━━━━━ Information

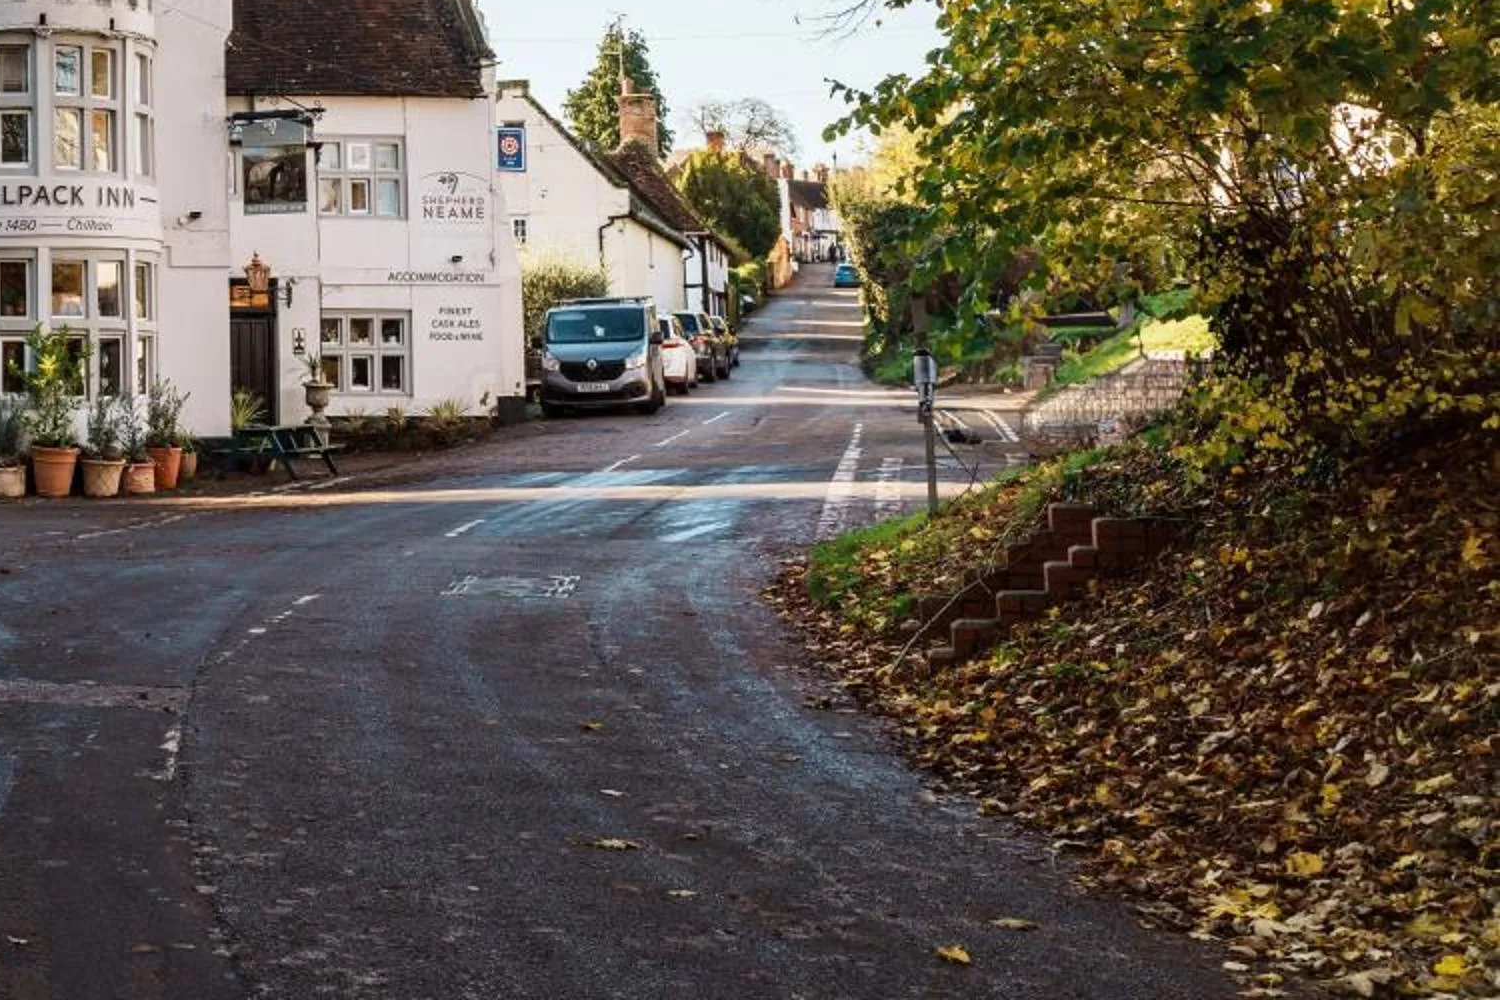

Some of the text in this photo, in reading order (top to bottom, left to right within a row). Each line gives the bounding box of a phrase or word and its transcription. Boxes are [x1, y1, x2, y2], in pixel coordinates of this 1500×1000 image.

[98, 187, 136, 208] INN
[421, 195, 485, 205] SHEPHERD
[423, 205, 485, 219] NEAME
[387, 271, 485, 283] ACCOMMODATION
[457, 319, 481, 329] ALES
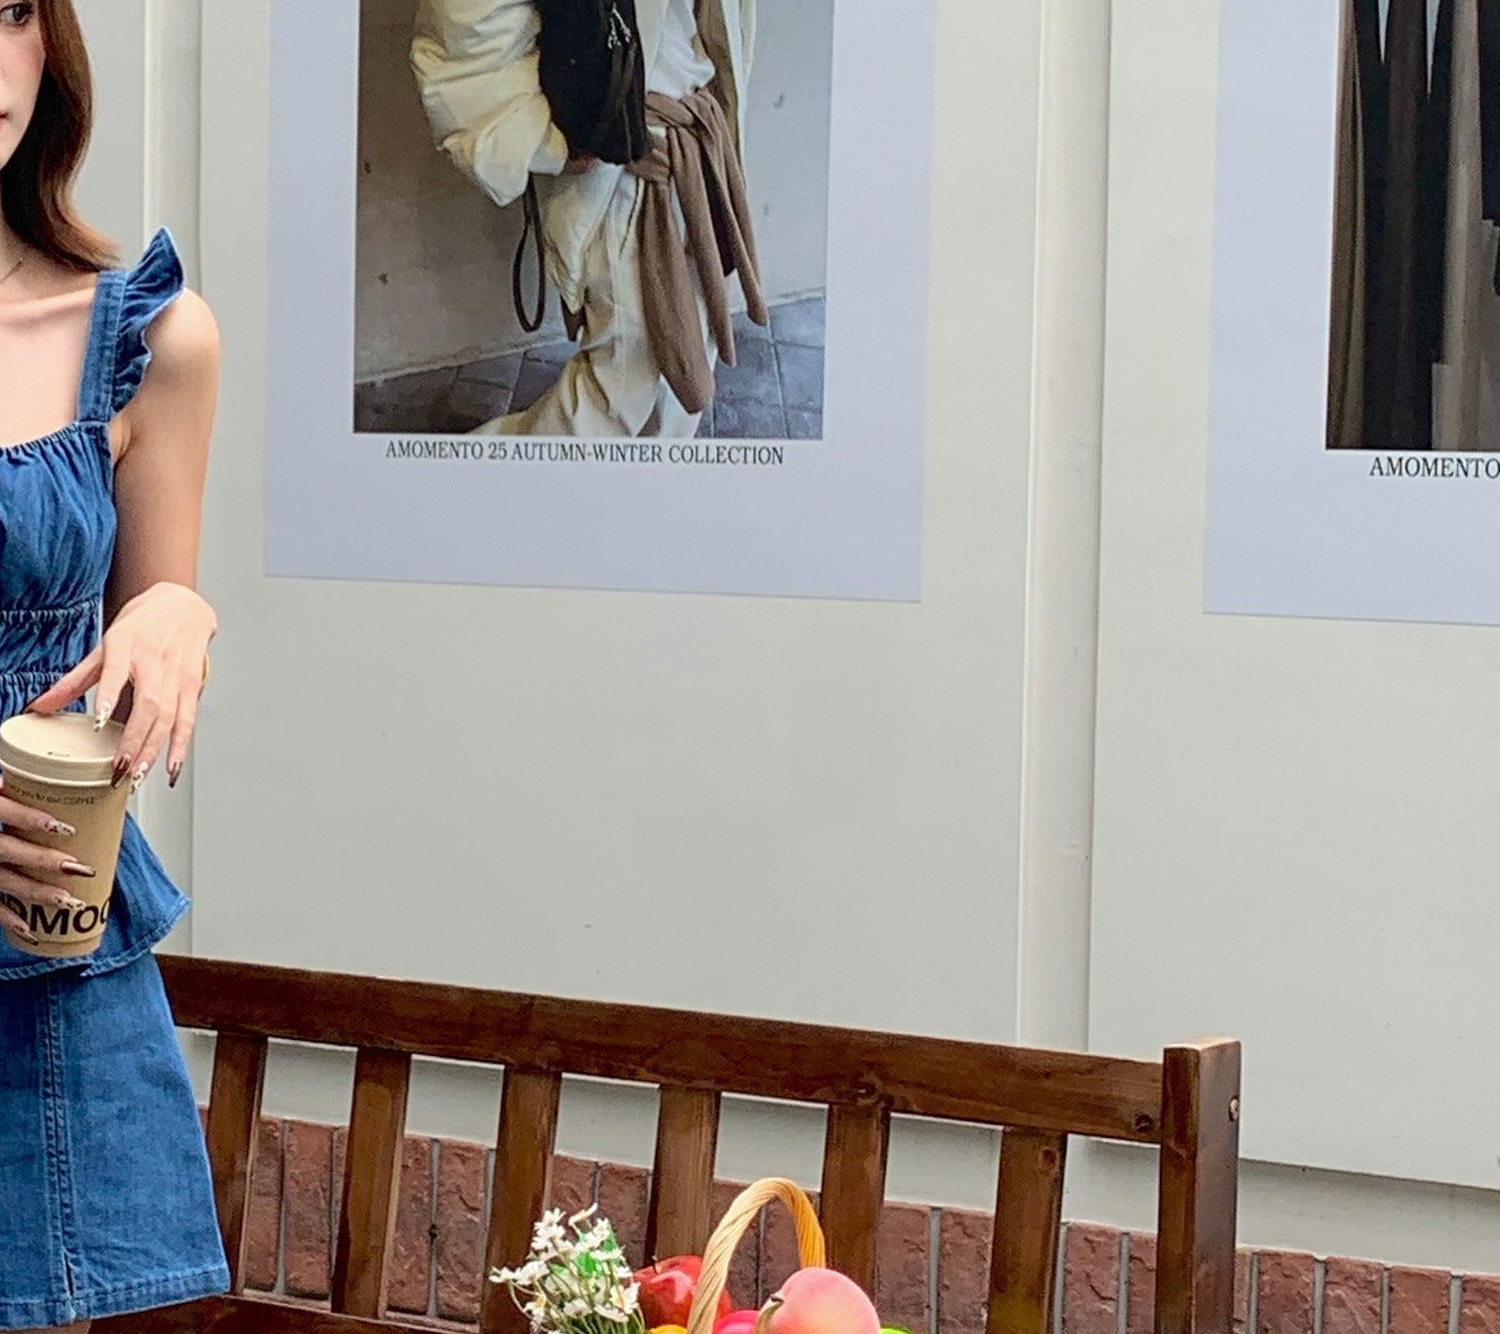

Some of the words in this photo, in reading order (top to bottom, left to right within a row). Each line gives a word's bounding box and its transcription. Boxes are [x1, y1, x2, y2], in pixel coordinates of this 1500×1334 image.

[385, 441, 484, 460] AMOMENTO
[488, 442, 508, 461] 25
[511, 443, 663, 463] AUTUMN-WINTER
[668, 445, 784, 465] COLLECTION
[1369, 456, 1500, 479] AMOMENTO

━━━━━━━━━━

What you need to do: Transcribe the data word for word, with no images.

Expected output:
Some of the text in this photo, in reading order (top to bottom, left to right within a row). Each line gives the bounding box of a phrase or word and its transcription. Boxes are [x1, y1, x2, y2], in pixel coordinates of this 1500×1000 image.

[98, 187, 136, 208] INN
[421, 195, 485, 205] SHEPHERD
[423, 205, 485, 219] NEAME
[387, 271, 485, 283] ACCOMMODATION
[457, 319, 481, 329] ALES

Some of the words in this photo, in reading order (top to bottom, left to right within a row). Each line gives a word's bounding box and its transcription. Boxes are [x1, y1, x2, y2], in pixel coordinates of this 1500×1334 image.

[385, 441, 484, 460] AMOMENTO
[488, 442, 508, 461] 25
[511, 443, 663, 463] AUTUMN-WINTER
[668, 445, 784, 465] COLLECTION
[1369, 456, 1500, 479] AMOMENTO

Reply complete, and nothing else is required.